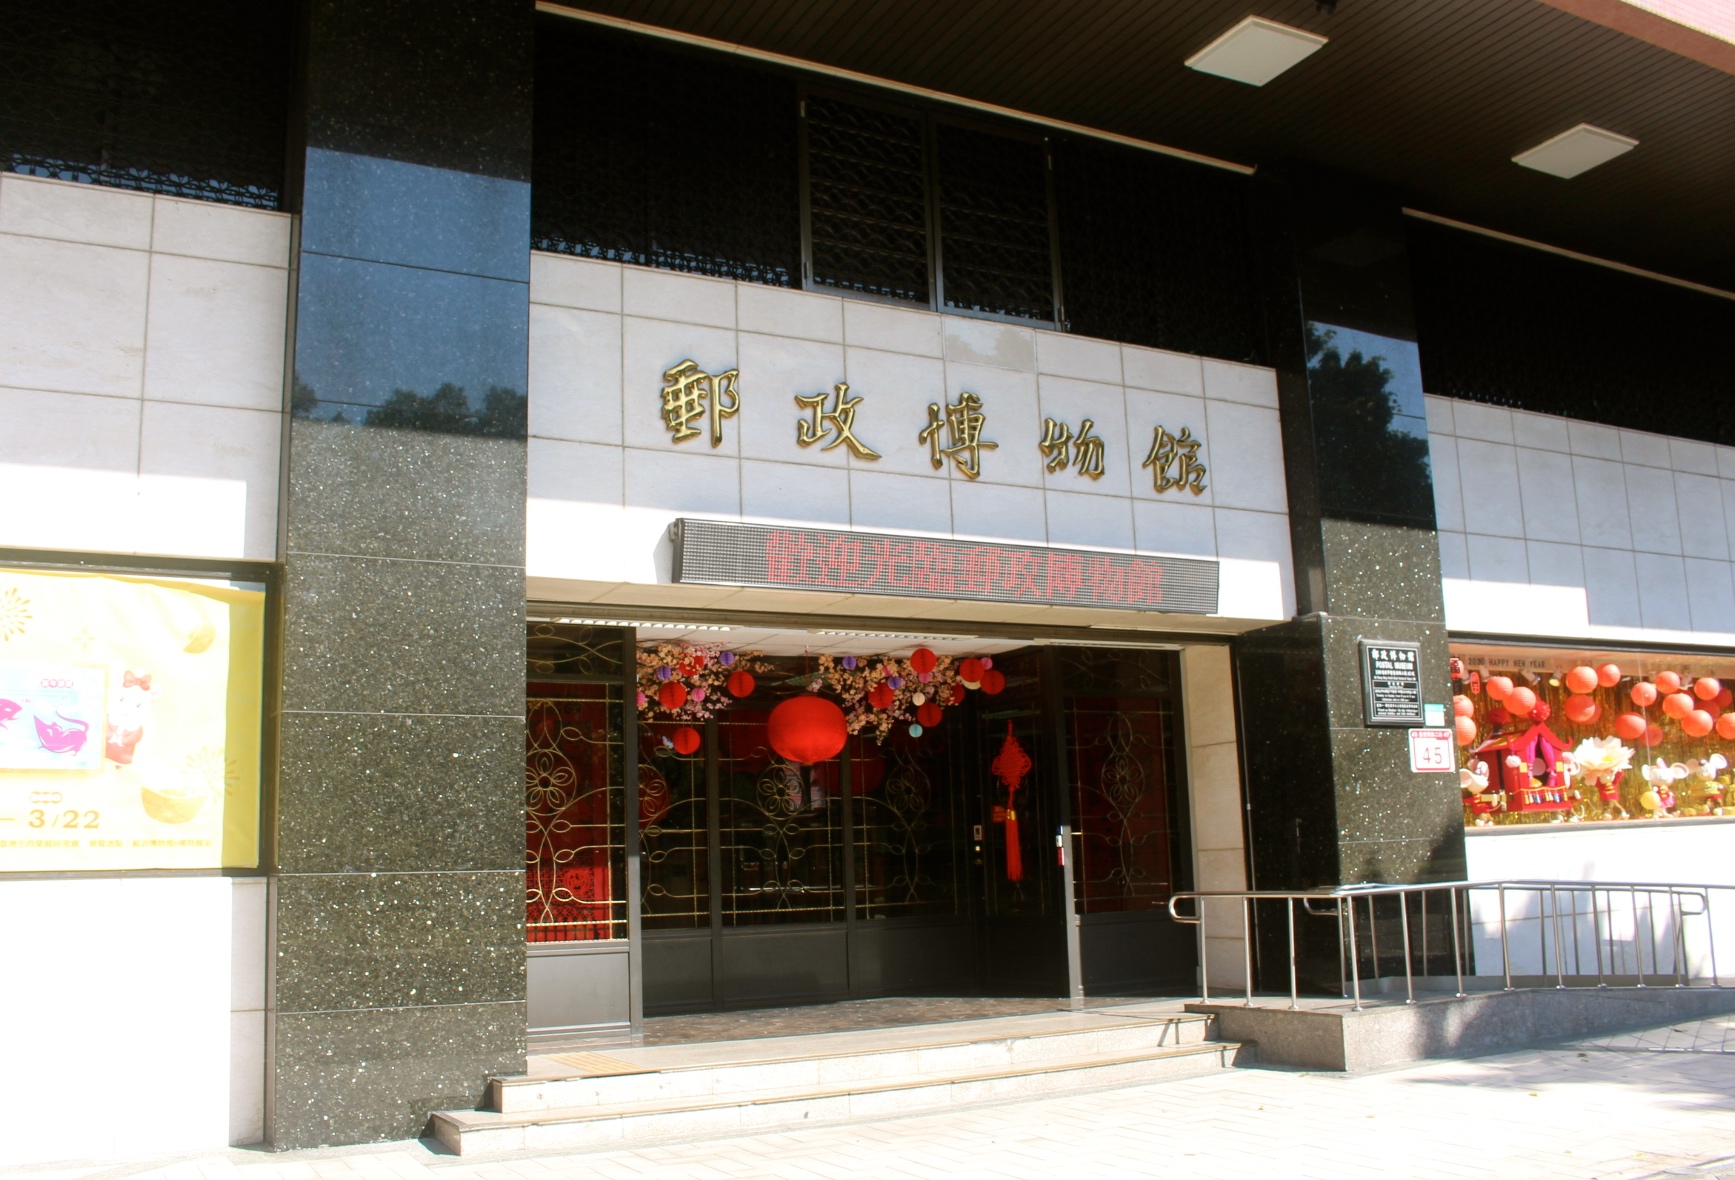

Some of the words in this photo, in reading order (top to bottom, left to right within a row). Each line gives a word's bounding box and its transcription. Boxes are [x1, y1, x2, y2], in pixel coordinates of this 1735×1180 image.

[660, 359, 1209, 496] 郵政博物館
[764, 530, 1165, 605] 歡迎光臨郵政博物館
[1489, 658, 1509, 667] HAPPY
[1513, 659, 1526, 668] NEW
[1529, 660, 1546, 669] YEAR
[1422, 746, 1443, 765] 45

• Your assignment: Please transcribe all of the entries exactly and omit any picture they hold.

• Solution for this problem:
Some of the words in this photo, in reading order (top to bottom, left to right within a row). Each line gives a word's bounding box and its transcription. Boxes are [x1, y1, x2, y2], in pixel coordinates of this 1735×1180 image.

[660, 359, 1209, 496] 郵政博物館
[764, 530, 1165, 605] 歡迎光臨郵政博物館
[1489, 658, 1509, 667] HAPPY
[1513, 659, 1526, 668] NEW
[1529, 660, 1546, 669] YEAR
[1422, 746, 1443, 765] 45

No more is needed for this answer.